# Codemode MCP Architecture Guide
A guide for implementing high-performance, context-efficient MCP servers based on the cloudflare-mcp architecture.
---
## The Problem This Architecture Solves
Traditional MCP servers face a fundamental tension:
| Approach | Problem |
|----------|---------|
| One tool per endpoint | Massive tool list bloats context (1000s of tools) |
| Full spec in description | Leaks entire API documentation to agent context |
| Pagination/filtering | Multiple round-trips, agent must understand API structure |
**The cloudflare-mcp solution**: Agents write code that executes server-side against the data. Only results return to the agent.
```
Full OpenAPI spec: ~2,352,000 tokens
Compressed summaries: ~43,000 tokens
Typical search result: ~500 tokens <-- What actually reaches the agent
```
---
## Core Architecture
### 1. Two-Tool Meta Pattern
Instead of N tools for N endpoints, expose **two meta-tools**:
```
┌─────────────────────────────────────────────────────────────┐
│ MCP Server │
├─────────────────────────────────────────────────────────────┤
│ search │ Agent writes JS to query spec/schema/data │
│ execute │ Agent writes JS to perform actions │
└─────────────────────────────────────────────────────────────┘
```
**Why this works:**
- Agent learns the pattern once, applies everywhere
- Large data (specs, schemas, docs) stays server-side
- Only query results consume agent context
- Agent has full programmatic power over queries
### 2. Code Execution via Worker Isolation
The server dynamically creates sandboxed workers for each code execution:
```typescript
// executor.ts pattern
export function createCodeExecutor(env: Env) {
return async (code: string, accountId: string, apiToken: string) => {
const workerId = `executor-${crypto.randomUUID()}`;
// Dynamic worker with injected context
const worker = env.LOADER.get(workerId, () => ({
compatibilityDate: "2026-01-12",
compatibilityFlags: ["nodejs_compat"],
mainModule: "worker.js",
modules: {
"worker.js": `
import { WorkerEntrypoint } from "cloudflare:workers";
// Inject server-side data as constants
const accountId = ${JSON.stringify(accountId)};
export default class CodeExecutor extends WorkerEntrypoint {
async evaluate(apiToken) {
// Inject helper functions the agent can use
const myApi = {
async request(options) {
// Implementation hidden from agent
}
};
try {
// Execute agent's code with access to injected context
const result = await (${code})();
return { result };
} catch (err) {
return { err: err.message };
}
}
}
`,
},
}));
const entrypoint = worker.getEntrypoint();
return await entrypoint.evaluate(apiToken);
};
}
```
**Key aspects:**
- Each execution gets a fresh, isolated worker
- Server-side data injected as constants (`accountId`, `spec`, etc.)

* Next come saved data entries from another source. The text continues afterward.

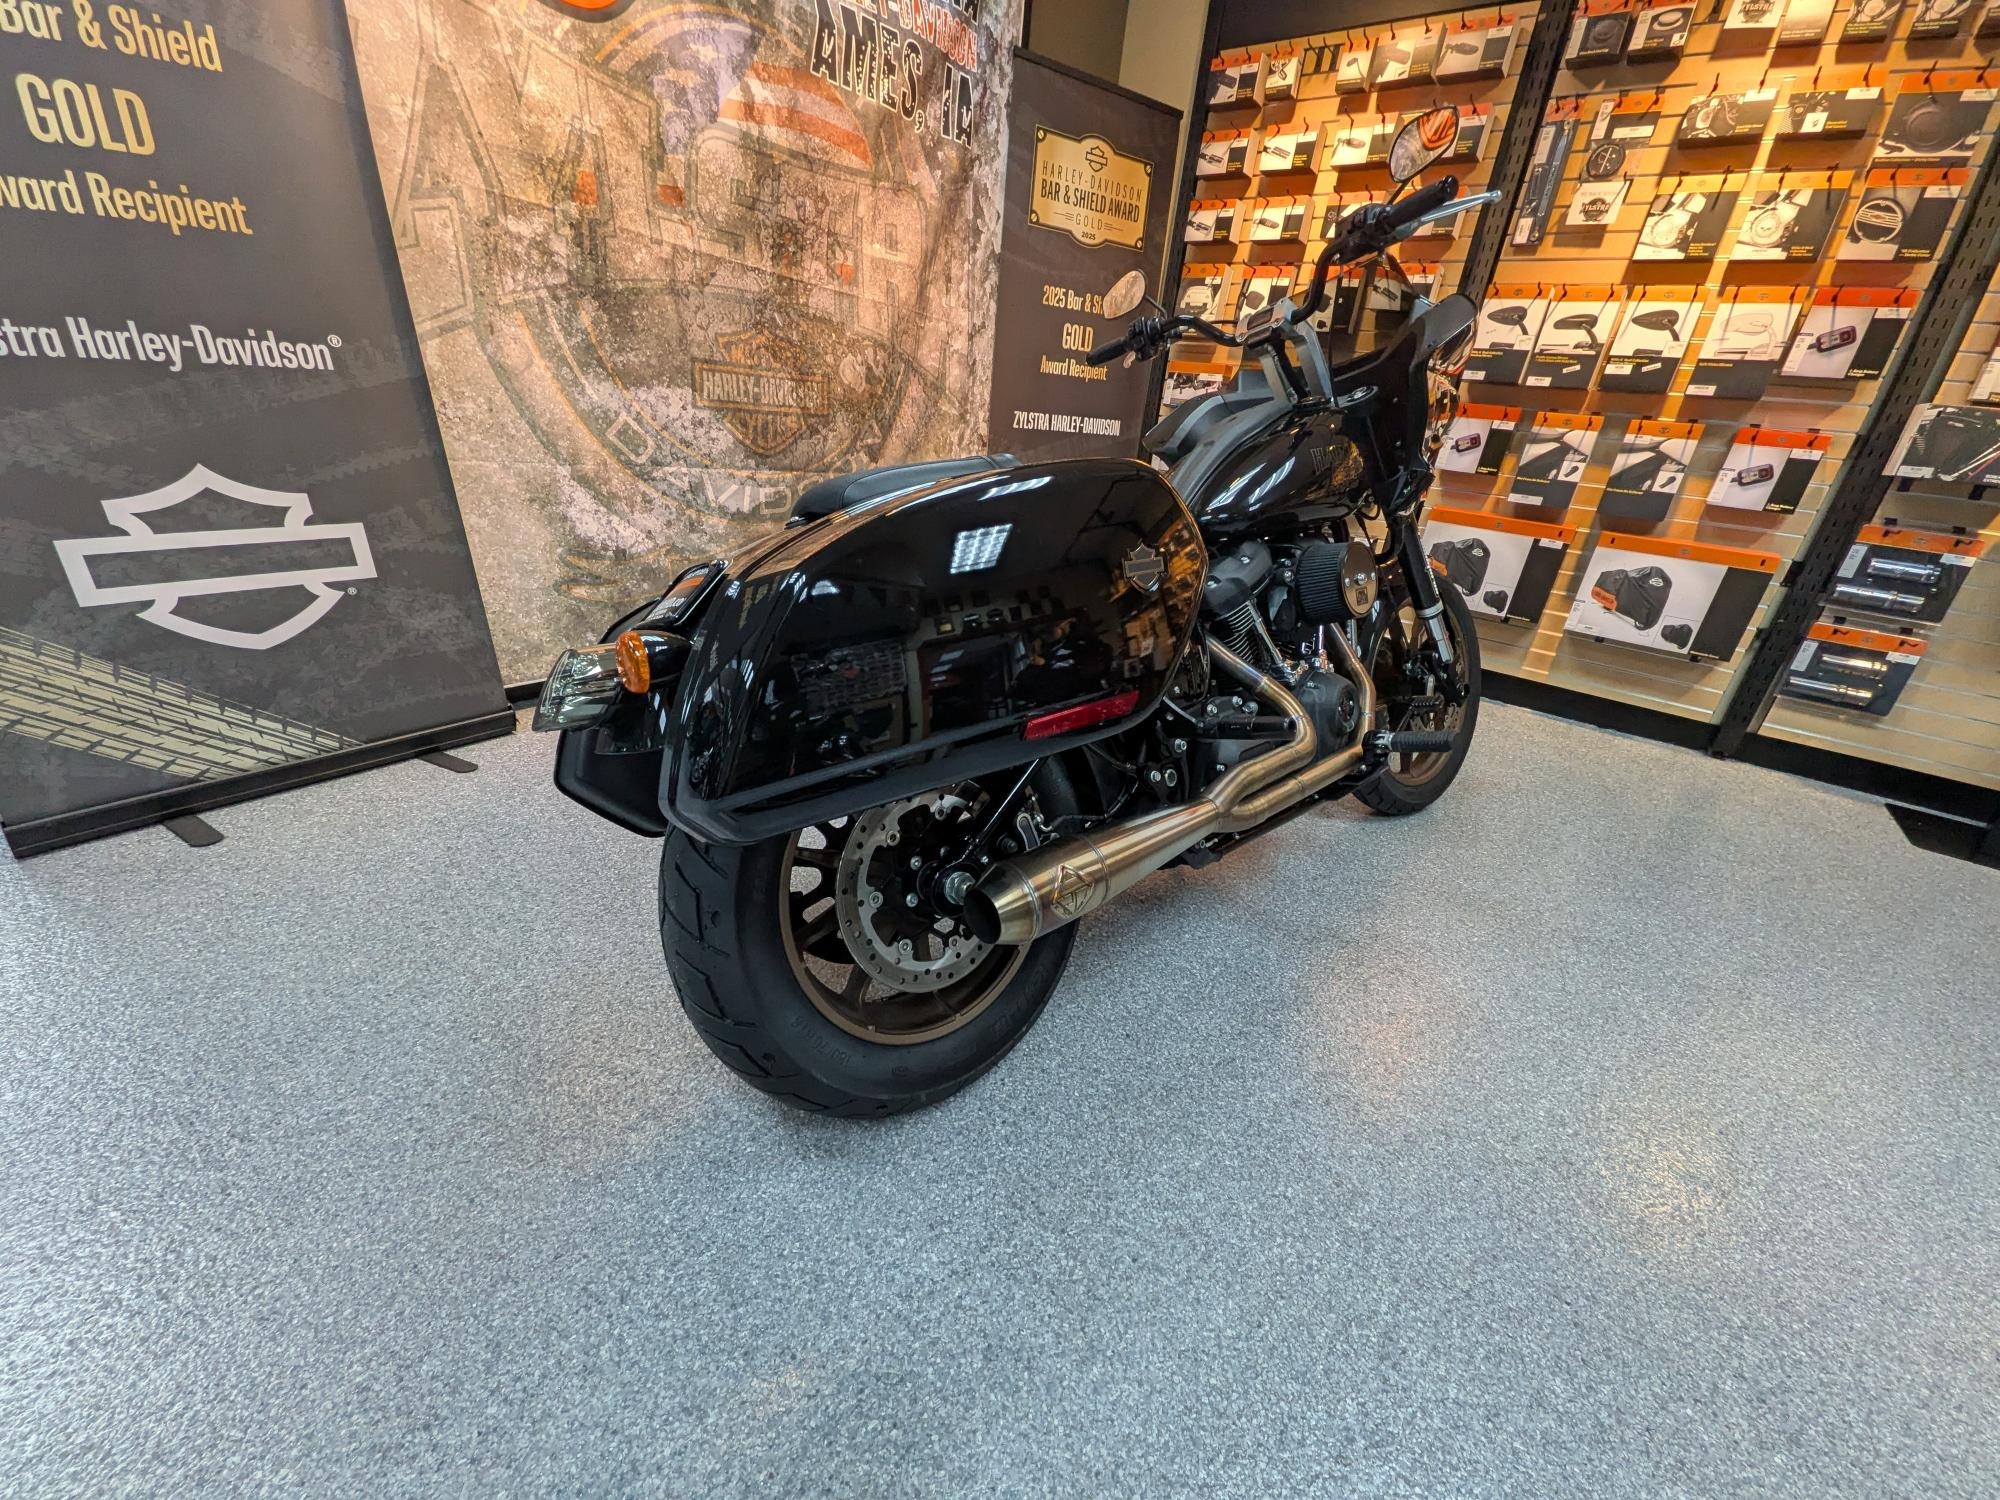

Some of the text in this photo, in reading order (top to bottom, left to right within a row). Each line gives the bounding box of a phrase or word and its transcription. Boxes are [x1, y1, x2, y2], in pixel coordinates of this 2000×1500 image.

[0, 0, 223, 73] Bar & Shield
[810, 0, 974, 149] AMES, IA
[15, 73, 156, 155] GOLD
[1040, 178, 1140, 223] BAR & SHIELD AWARD
[1042, 160, 1142, 202] HARLEY-DAVIDSON
[0, 169, 253, 236] ward Recipient
[1075, 213, 1103, 231] GOLD
[1081, 231, 1096, 241] 2025
[1042, 285, 1066, 308] 2025
[1067, 289, 1084, 311] Bar
[1084, 293, 1092, 313] &
[0, 318, 66, 358] tra
[1062, 322, 1094, 352] GOLD
[1040, 354, 1108, 382] Award Recipient
[1013, 410, 1121, 436] ZYLSTRA HARLEY-DAVIDSON

- Helper APIs injected but implementation hidden
- Agent code runs in sandboxed environment
- Errors caught and returned cleanly
### 3. Build-Time Data Processing
Pre-process large data at build time to optimize runtime:
```typescript
// scripts/build-spec.ts pattern
function resolveRefs(obj: unknown, spec: Document, seen = new Set()): unknown {
// Recursively resolve all $ref pointers inline
if ('$ref' in obj) {
if (seen.has(obj.$ref)) return { $circular: obj.$ref };
seen.add(obj.$ref);
// Resolve and recurse
return resolveRefs(dereference(obj.$ref, spec), spec, seen);
}
// Recurse into objects/arrays
// ...
}
// Generate optimized spec with refs resolved
const optimizedSpec = {
paths: Object.fromEntries(
Object.entries(spec.paths).map(([path, item]) => [
path,
{
summary: item.summary,
parameters: resolveRefs(item.parameters, spec),
requestBody: resolveRefs(item.requestBody, spec),
responses: resolveRefs(item.responses, spec),
}
])
)
};
```
**Build-time optimizations:**
- Resolve all `$ref` pointers inline (agent doesn't chase references)
- Extract metadata (product lists, categories) for better descriptions
- Generate TypeScript types if needed
- Compress/filter to essential fields only
---
## Context Preservation Techniques
### 1. Response Truncation with Guidance
```typescript
// truncate.ts
const CHARS_PER_TOKEN = 4;
const MAX_TOKENS = 6000;
const MAX_CHARS = MAX_TOKENS * CHARS_PER_TOKEN;
export function truncateResponse(content: unknown): string {
const text = typeof content === "string"
? content
: JSON.stringify(content, null, 2);
if (text.length <= MAX_CHARS) return text;
const truncated = text.slice(0, MAX_CHARS);
const estimatedTokens = Math.ceil(text.length / CHARS_PER_TOKEN);
// Tell agent WHY it was truncated and HOW to fix
return `${truncated}
--- TRUNCATED ---
Response was ~${estimatedTokens.toLocaleString()} tokens (limit: ${MAX_TOKENS.toLocaleString()}).
Use more specific queries to reduce response size.`;
}
```
**Key principle:** Don't silently truncate. Tell the agent what happened and how to get better results.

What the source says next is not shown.